TASK INSTRUCTIONS ▸
Return the records that follow unaltered. Omit every picture.

DATASET RECORDS ▸

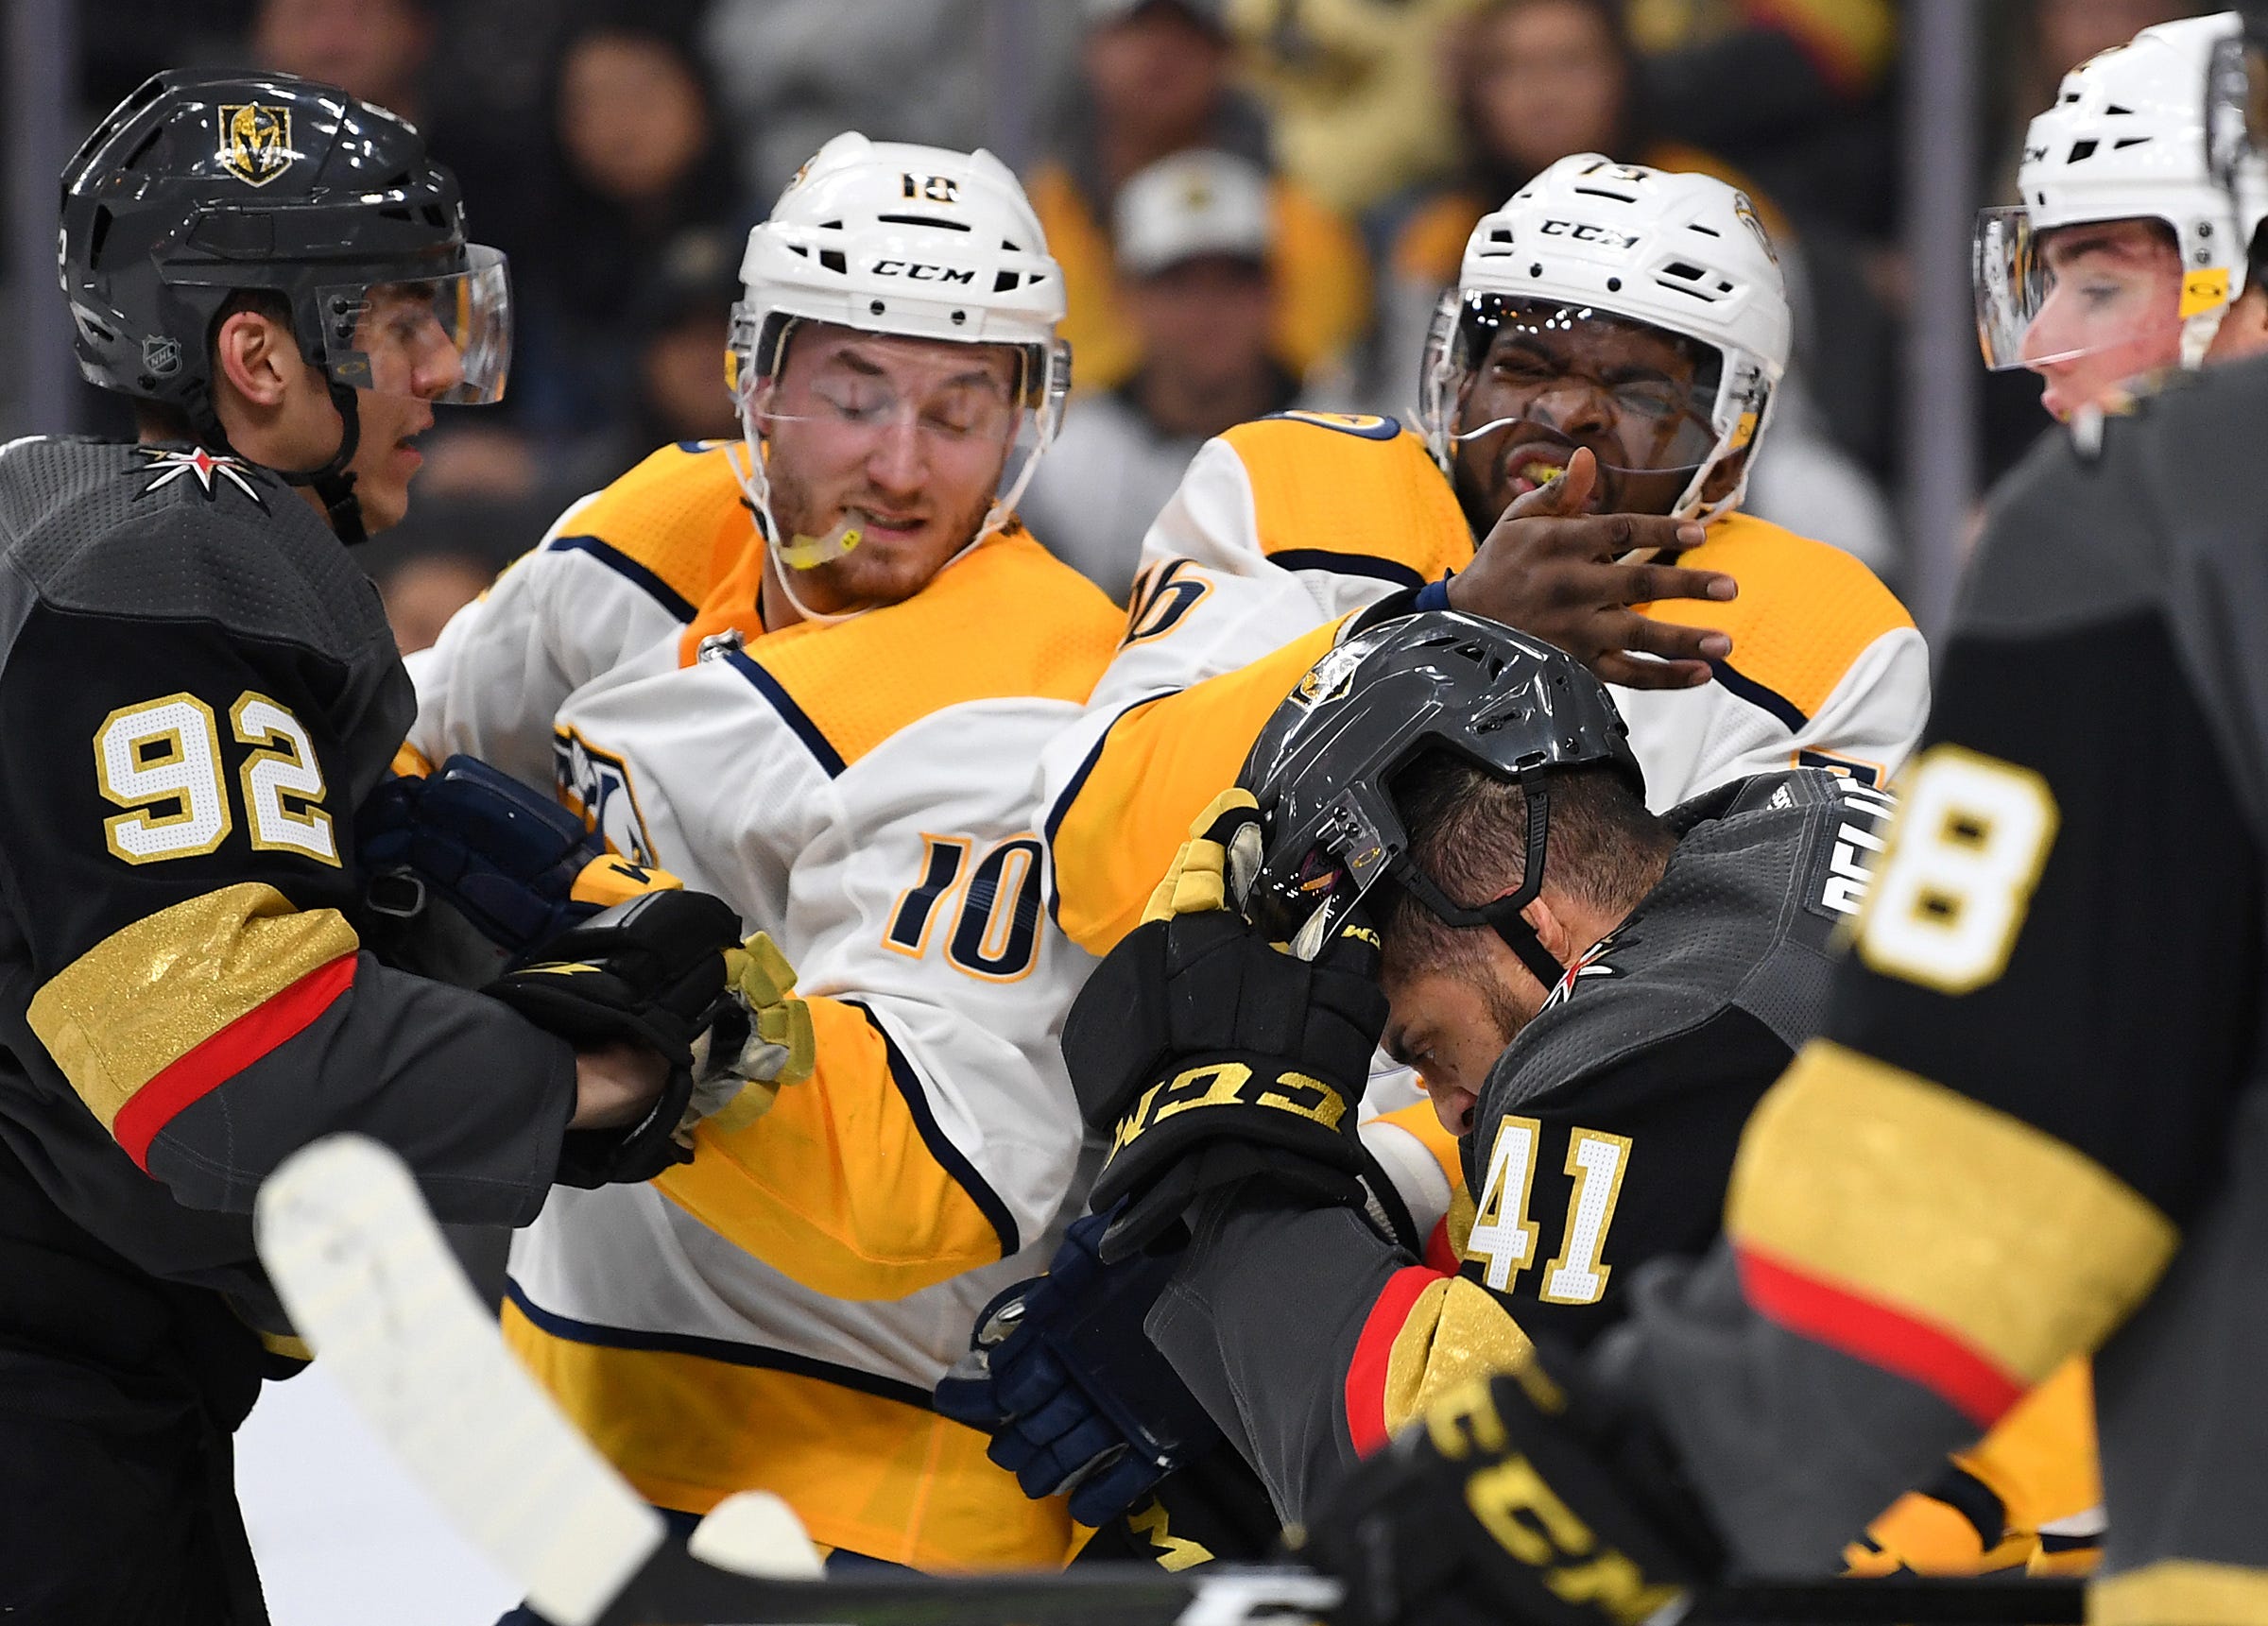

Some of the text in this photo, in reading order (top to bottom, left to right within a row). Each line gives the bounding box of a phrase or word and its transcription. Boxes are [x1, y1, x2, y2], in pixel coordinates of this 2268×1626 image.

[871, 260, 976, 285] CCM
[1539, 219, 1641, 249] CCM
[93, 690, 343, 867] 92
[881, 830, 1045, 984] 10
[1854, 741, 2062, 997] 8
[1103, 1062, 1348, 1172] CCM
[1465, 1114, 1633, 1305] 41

SOLUTION TO THIS PROBLEM ▸
Some of the text in this photo, in reading order (top to bottom, left to right within a row). Each line gives the bounding box of a phrase or word and its transcription. Boxes are [x1, y1, x2, y2], in pixel coordinates of this 2268×1626 image.

[871, 260, 976, 285] CCM
[1539, 219, 1641, 249] CCM
[93, 690, 343, 867] 92
[881, 830, 1045, 984] 10
[1854, 741, 2062, 997] 8
[1103, 1062, 1348, 1172] CCM
[1465, 1114, 1633, 1305] 41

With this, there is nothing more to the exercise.